A new approach based on ball milling is introduced as an efficient and greener alternative to conventional solution-based methods for the synthesis of carbonate compounds, which typically require toxic solvents (e.g., dichloromethane) and bases such as pyridine. Following an initial proof-of-concept, the scalability of the method was demonstrated on gram scale using two representative reactions, including the synthesis of the fragrance molecule liffarome and the reaction of vanillin with isobutyl chloroformate, affording the desired products in 42% and 74% yield, respectively. Using this solvent-free methodology, a total of nine new carbonate-based aroma compounds were synthesized and fully characterized. Their olfactory properties were evaluated by an expert panel, revealing diverse and, in some cases, unexpected odor profiles, which were classified into floral, spicy, fruity, green, and gourmand categories. A comprehensive comparison with traditional and water-based methods showed that ball milling generally provides superior or comparable yields (up to 84%) while avoiding hazardous solvents.

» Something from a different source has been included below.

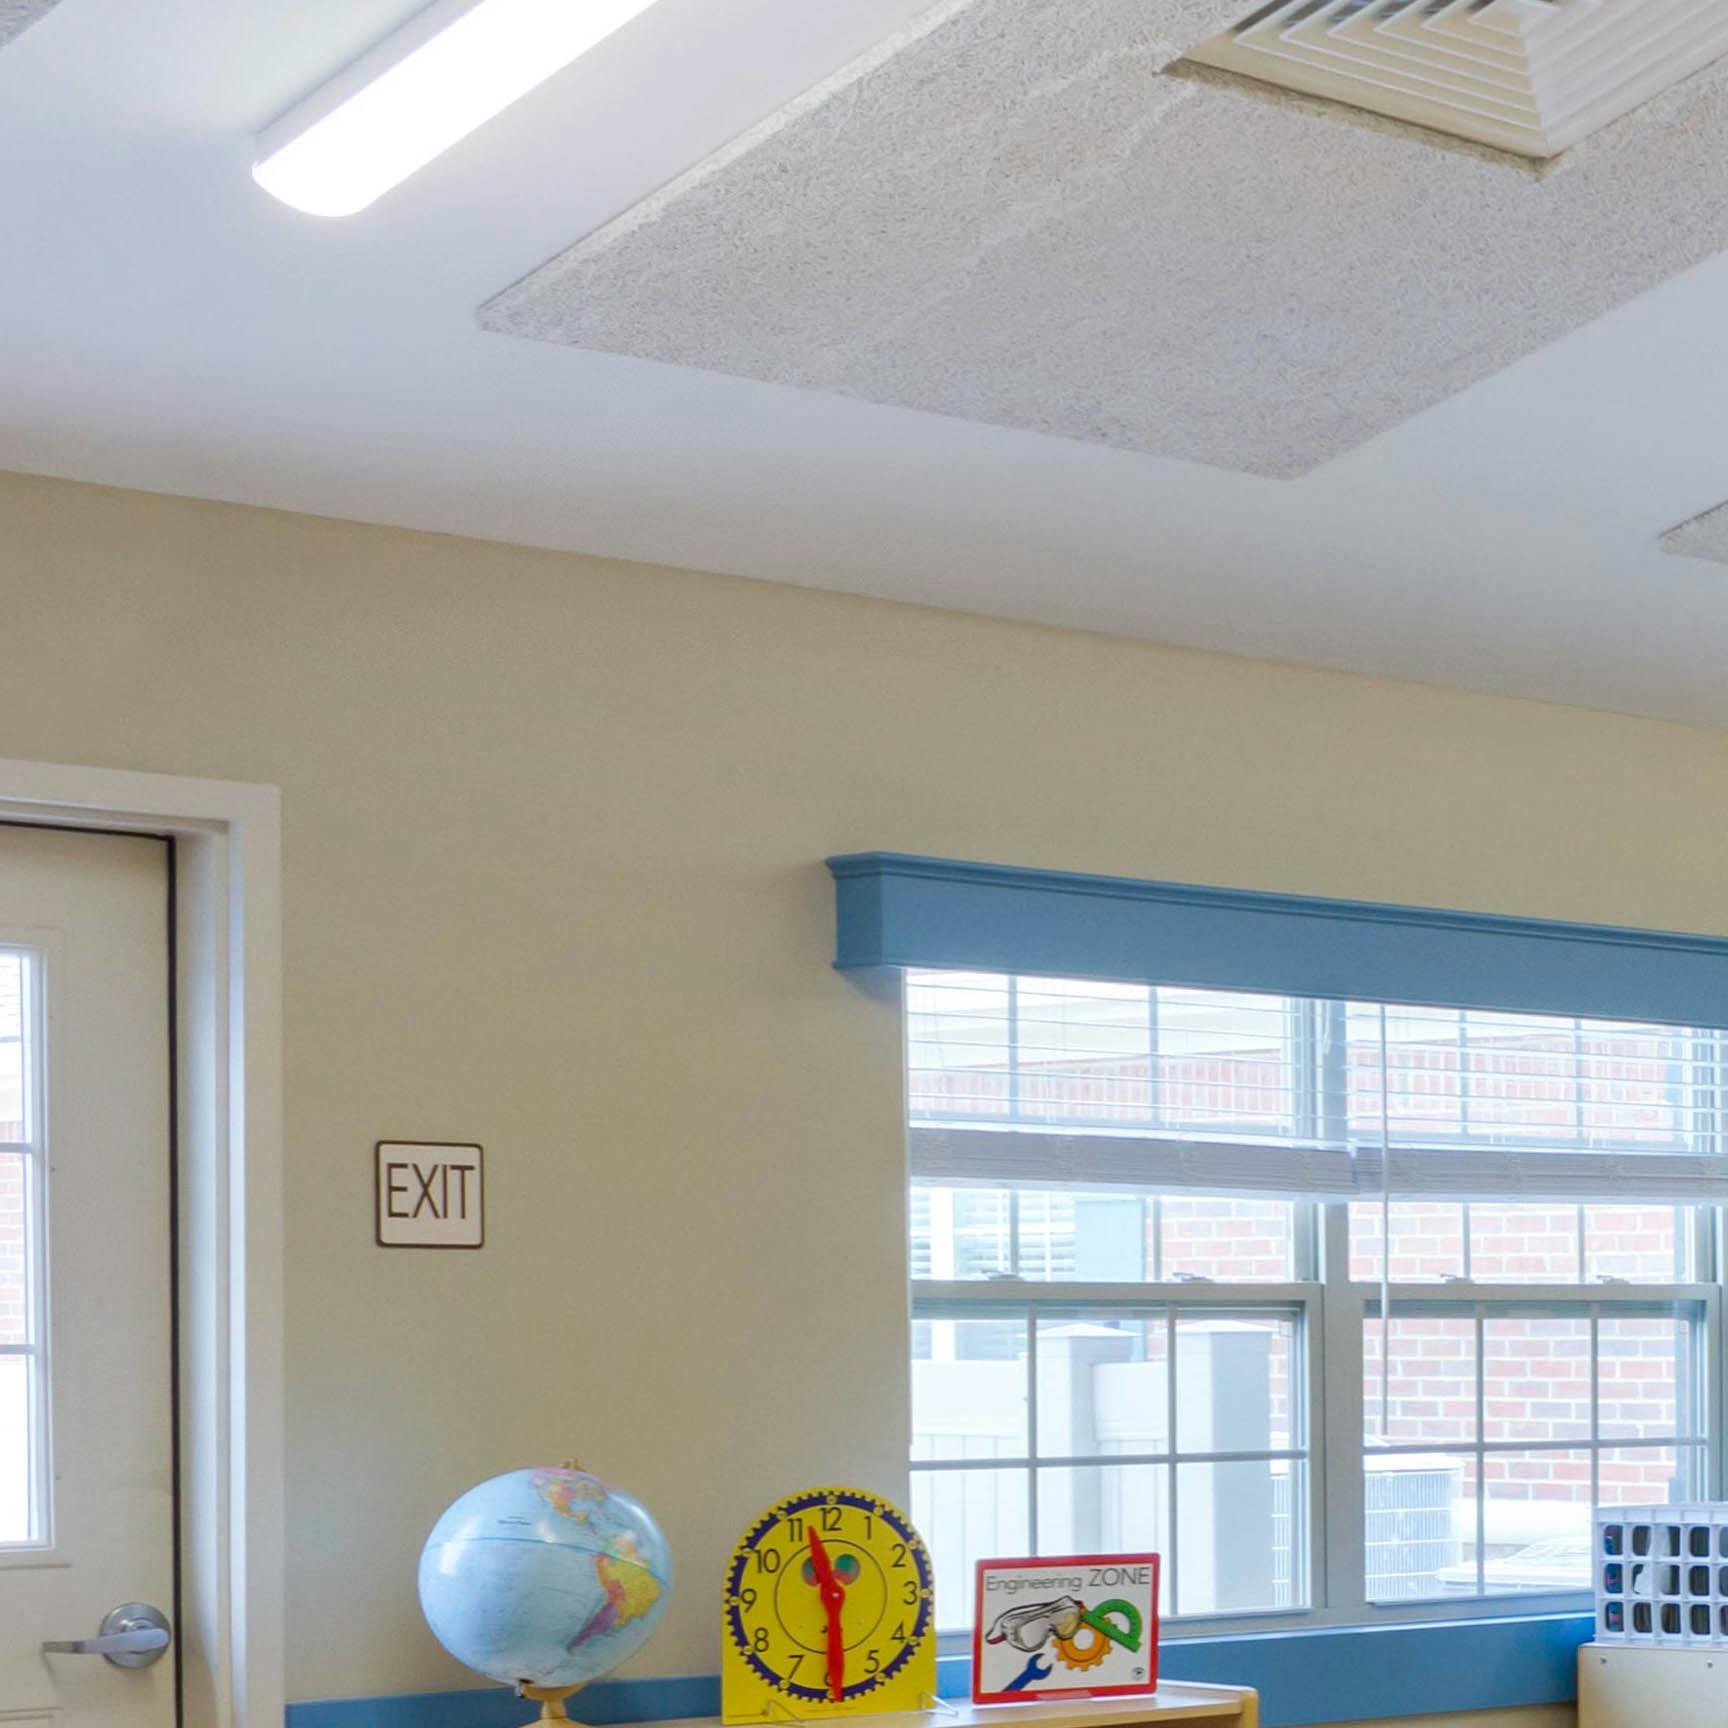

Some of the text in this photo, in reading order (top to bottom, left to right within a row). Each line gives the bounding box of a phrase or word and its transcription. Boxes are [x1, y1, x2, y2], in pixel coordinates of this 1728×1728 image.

Green metrics further highlight the advantages of the ball-mill approach: atom economy values were higher for ball milling (72.2–78.9%) compared to the traditional method (63.2–71.2%), similarly real atom economy reached up to 0.580 for ball milling compared to 0.151 for the traditional method. Notably, the process mass intensity (PMI) was as low as 1.73 for ball milling, making it nearly seven times more resource-efficient than the conventional approach (PMI = 11.96). Furthermore, analysis of the liquid-assisted grinding (LAG) parameter (η) revealed that higher liquid-to-solid ratios, achieved in the absence of solid auxiliaries, lead to improved reaction efficiency. Overall, this study demonstrates that ball milling offers a practical, scalable, and sustainable strategy for the synthesis of fragrance-related carbonate compounds, while also enabling access to structurally diverse molecules with unique olfactory properties.